Somando-se ao custo da arrecadação os custos da escrituração tributária a que estão sujeitos os agentes privados no Brasil, não será exagero chegar a um total de 15% a 20% das receitas de impostos do país. É um peso morto, que se traduz apenas em gastos sem qualquer contribuição ao aumento da produção de do bem estar social.


Características do Imposto Único

Os ponto fundamentais desta proposta são dois.

Em primeiro lugar, a existência de apenas um imposto. Todos os demais seriam extintos, com possíveis exceções, como no caso das tarifas aduaneiras. Não haveria mais Imposto de Renda sobre a pessoa física ou sobre a jurídica; os salários não sofreriam retenção de qualquer tipo, seja como antecipação de imposto de Renda, seja para custeio de Previdência Social; não haveria mais necessidade de nenhuma escrituração fiscal ou tributária nas empresas; não haveria mais nenhuma forma de declaração para impostos de renda, de serviço, de circulação ou de qualquer outro tipo; não haveria mais necessidade de manutenção da múltiplas estruturas de fiscalização hoje existentes.


A segunda característica fundamental desta proposta se prende à transferência da base do imposto único exclusivamente para as transações monetárias, em substituição à multiplicidade de bases de tributação hoje existentes. Assim, toda vez que qualquer agente econômico efetuar um pagamento a outro haverá a incidência de imposto cobrado sobre o valor da transação. O tributo será dividido em partes iguais e cobrado do emitente e do beneficiado.


Vantagens do Imposto Único

As vantagens desta proposta são inúmeras.

Haverá enorme simplificação e redução de custos na arrecadação de tributos.
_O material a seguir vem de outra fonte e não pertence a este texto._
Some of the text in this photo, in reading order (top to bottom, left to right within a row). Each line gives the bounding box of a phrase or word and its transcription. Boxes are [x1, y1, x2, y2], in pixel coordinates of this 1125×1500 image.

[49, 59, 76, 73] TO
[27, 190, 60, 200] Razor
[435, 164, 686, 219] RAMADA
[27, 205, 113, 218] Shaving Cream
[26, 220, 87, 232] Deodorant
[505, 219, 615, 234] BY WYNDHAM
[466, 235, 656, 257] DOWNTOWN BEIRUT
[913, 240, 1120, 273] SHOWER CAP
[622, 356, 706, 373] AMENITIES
A vantagem não se restringe apenas à redução da máquina governamental, mas também aos custos das empresas que hoje dedicam pelo menos cerca de 30% de seu pessoal administrativo para fazer frente às exigências de escrituração fiscal.
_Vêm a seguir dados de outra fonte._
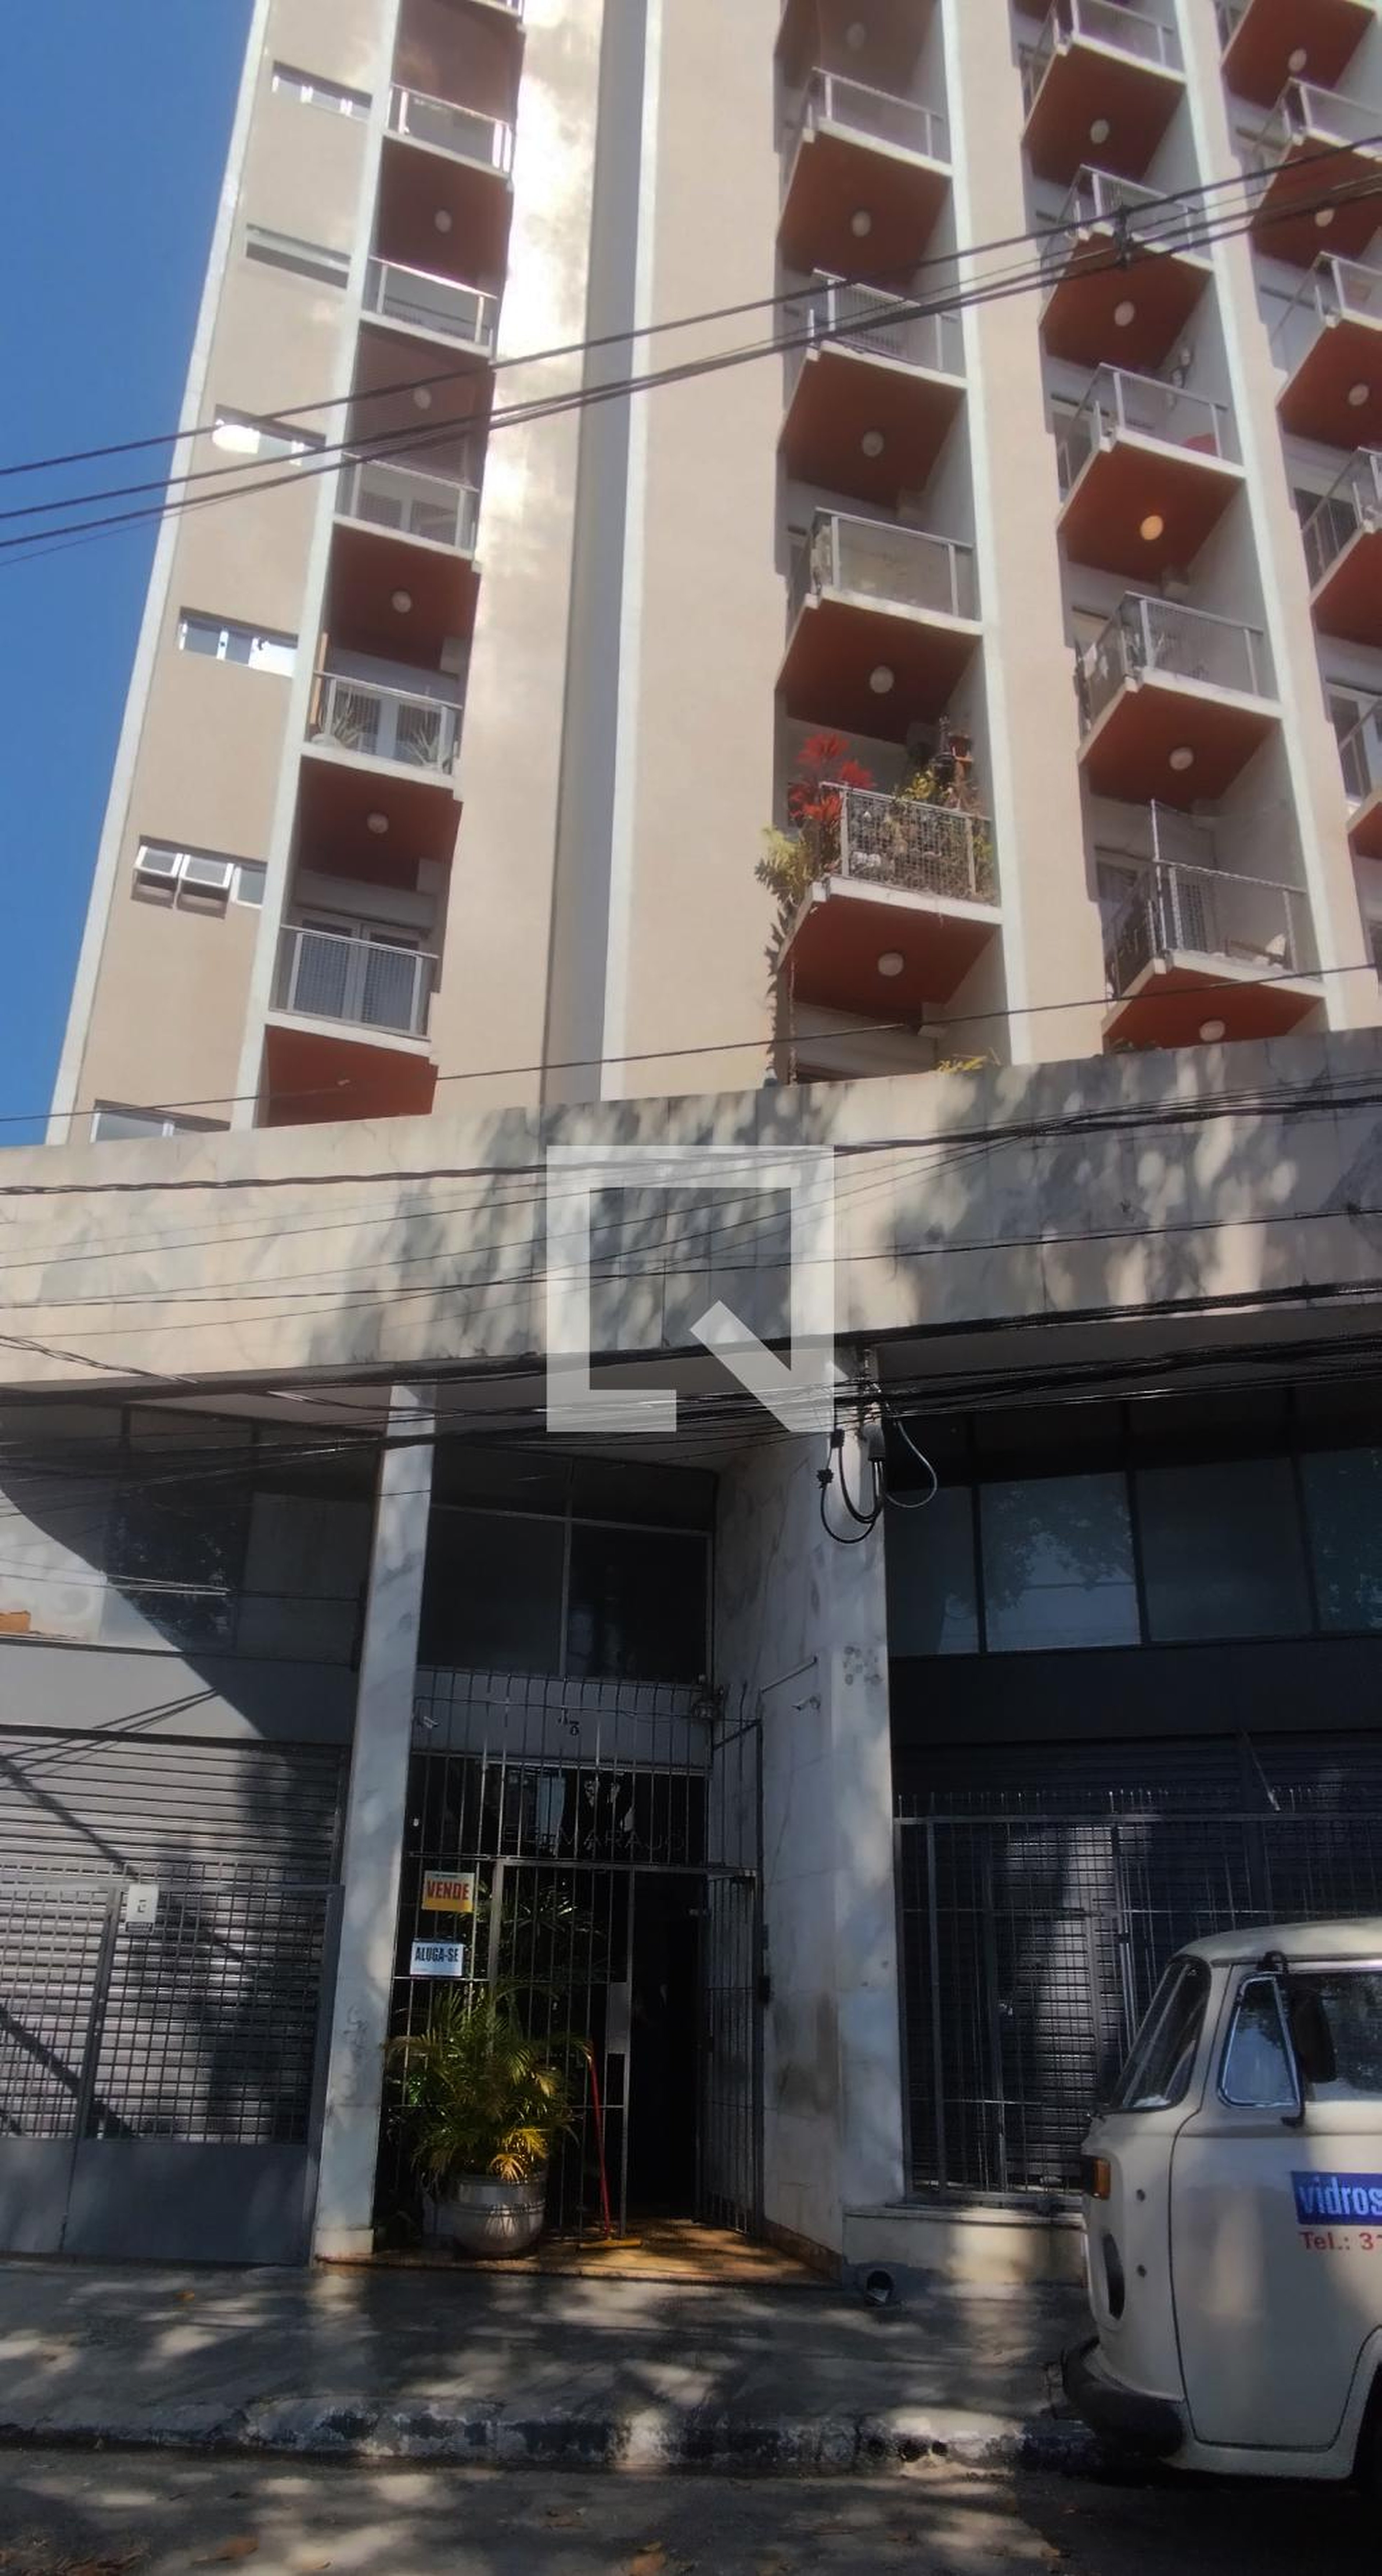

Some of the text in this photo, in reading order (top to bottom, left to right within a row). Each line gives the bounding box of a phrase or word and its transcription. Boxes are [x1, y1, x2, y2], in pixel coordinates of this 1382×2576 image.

[427, 1880, 469, 1900] VENDE
[415, 1947, 459, 1962] ALUGA-SE
[1299, 2176, 1382, 2216] vidros
[1299, 2231, 1350, 2250] Tel.:
Como estimado acima, a redução nos custos da máquina arrecadadora do governo e do pessoal administrativo do setor produtivo poderá chegar a 20% da arrecadação fiscal bruta do país, de cerca de 22% do PIB. Isso implica dizer que o impacto dessa proposta, em termos de liberação de recursos reais, seria da ordem de 4.4% do PIB. Esse montante equivale à totalidade das remessas de recursos reais ao exterior – pagamento de juros, de lucros e dividendos – e significa uma vez e meia o impacto de uma moratória da dívida externa brasileira. São os recursos que poderiam ser canalizados para investimentos produtivos, capazes de alavancar o crescimento econômico, em vez de serem absorvidos em atividades de consumo do governo e em custos administrativos privados.


Esta proposta acarretaria a virtual eliminação da sonegação, da corrupção fiscal e da economia informal, sem custos administrativos ou de fiscalização. A arrecadação tributária seria efetuada automaticamente a cada lançamento de débito e de crédito no sistema bancário. A cada transação, a conta credora e a conta devedora seriam debitadas em um percentual fixo no valor da transação. Assim, a cada transação efetuada mediante cheques ou qualquer outro tipo de ordem de pagamento, o sistema automaticamente transferirá o produto de arrecadação à conta dos tesouros federal, estaduais e municipais, segundo critérios predefinidos.

Esse sistema torna impraticável qualquer tentativa de sonegação, pois bastaria uma fiscalização nos sistemas de compensação do setor bancário para que ela fosse totalmente eliminada.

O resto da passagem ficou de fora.